ANTONIO MEDINA RODRIGUES

Classica
Revista Brasileira de Estudos Clássicos 5/6
Sociedade Brasileira de Estudos Clássicos
293 págs.
R$ 15,00

Sai agora, com seu justificado atraso de dois anos, o volume 5/6 de "Classica - Revista Brasileira de Estudos Clássicos", publicação anual da Sociedade Brasileira de Estudos Clássicos, filiada à SBPC (Sociedade Brasileira para o Progresso da Ciência) e à Fédération Internationale des Associations d'Études Classiques. "Classica" será referência obrigatória para quem se ponha a estudar as culturas grega e/ou latina da Antiguidade. É também uma súmula sobre as pesquisas principais que se vêm fazendo no âmbito da cultura clássica no Brasil e conta com consultores internacionais de vulto, como Walter Burkert e Pierre Lévêque, entre outros.

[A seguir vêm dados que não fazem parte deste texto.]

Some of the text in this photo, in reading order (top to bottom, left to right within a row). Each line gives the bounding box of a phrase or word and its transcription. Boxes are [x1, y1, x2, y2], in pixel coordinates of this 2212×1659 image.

Trata-se de publicação esmerada, apesar de feita, como se sabe, em país de recursos tão minguados como o nosso, e que, por isso mesmo, pouco tem contribuído para a longa ciência das humanidades. Grego, latim e sânscrito são maravilhas e, como tais, exigem um dinheiro que não temos. Entretanto -e talvez por isso mesmo-, há nessa revista uma garra, um desejo de concentração e de atualidade admiráveis. O volume que sai agora discute certos temas importantes da filosofia, da literatura, da história e da antropologia (primeira secção), particularizados na questão da retórica, do parentesco, da religião e da política. Outros textos discutem Esopo, Homero, Safo e a comédia de Aristófanes. Há também a secção de classicismo e modernidade, e a de bibliografia especializada (ensaio, resenhas).

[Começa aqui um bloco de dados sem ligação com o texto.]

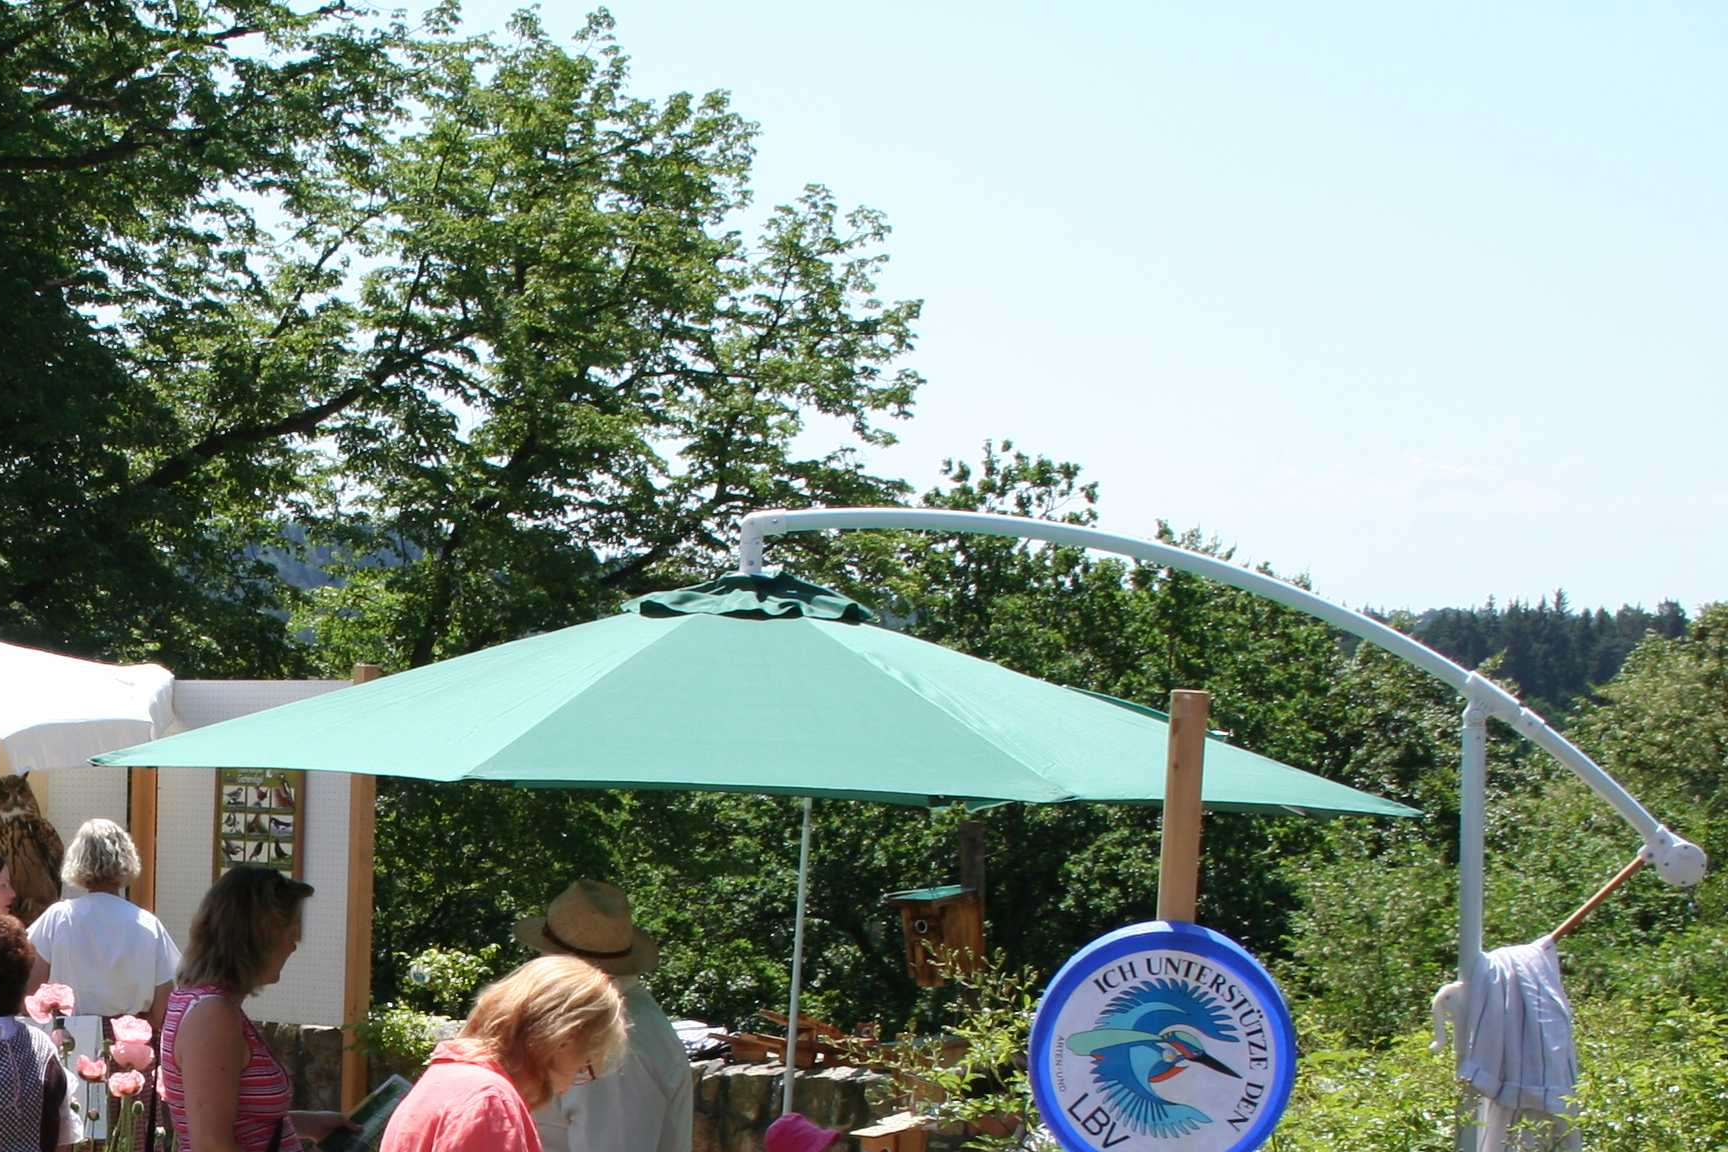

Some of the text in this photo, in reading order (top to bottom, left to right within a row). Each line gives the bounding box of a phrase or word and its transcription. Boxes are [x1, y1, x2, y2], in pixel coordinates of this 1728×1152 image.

[1093, 957, 1269, 1132] ICH UNTERSTÜTZE DEN
[1067, 1092, 1131, 1149] LBV

A colaboração maior é, com evidência, a brasileira. Sua qualidade me permite supor que, sendo nós muito pobres, porém muito animados, poderemos um dia realizar por aqui nossa esperada "Aufhebung" humanística. E, podem crer, nesse dia nós a realizaremos criativamente, paubrasilicamente. Ainda não passamos pelo mundo clássico. Nossa idéia de classicismo é indireta e subsidiária. Veio da literatura inglesa e da alemã. Antes tinha vindo de Portugal, que se inspirara no classicismo italiano. Mas, sem dúvida, algo se fez por aqui mesmo, enquanto perdurou o ensino do grego e do latim. "Classica" é um veículo que pretende retomar e aprofundar essa pequena tradição, mantida ainda mal e mal por alguns departamentos de letras. É uma bela revista. Não faz feio diante de suas congêneres do Primeiro Mundo.
É verdade que as revistas filológicas são monótonas via de regra, pedem paciência de entomologista, e não interessam a ninguém que não for do ramo. Surpreendentemente, porém, esta nossa publicação é intensa, animada. Seu estilo é oral. Não o oral falado, mas o oral escrito. Nossos "scholars" não são vernaculistas. Contudo, escrevem com propriedade e só dizem o que entendem. Alguns têm um fraseado pessoal. É o caso de João Adolfo Hansen, que desvenda com brilhantismo os labirintos da retórica antiga; é também o caso de Joaquim Brasil Fontes, que nos brinda com uma minuciosa interpretação da "Ode Primeira" de Safo. Outros, de geração mais recente, se mostram mais inclinados às formas habituais do comentário filológico. Marcos M. dos Santos sintetiza a questão do esteticismo e da teoria literária nos textos de Aristófanes. Também sobre Aristófanes é a contribuição de Adriane da Silva Duarte, cujo estudo polemiza com a tradicional interpretação de "As Aves" como forma de escapismo ou fantasia. Pierre Lévêque estuda o coro de "As Rãs" e Giuseppina Grammatico discute o vocabulário de Heráclito. Jacyntho Lins Brandão nos dá preciosas informações sobre a controvertida bibliografia de Luciano de Samósata, um autor que, como sabemos, passou a ter significação especial entre nós, sobretudo depois dos estudos que vêm sendo feitos sobre Machado de Assis, para quem a leitura de Luciano se provou de capital importância.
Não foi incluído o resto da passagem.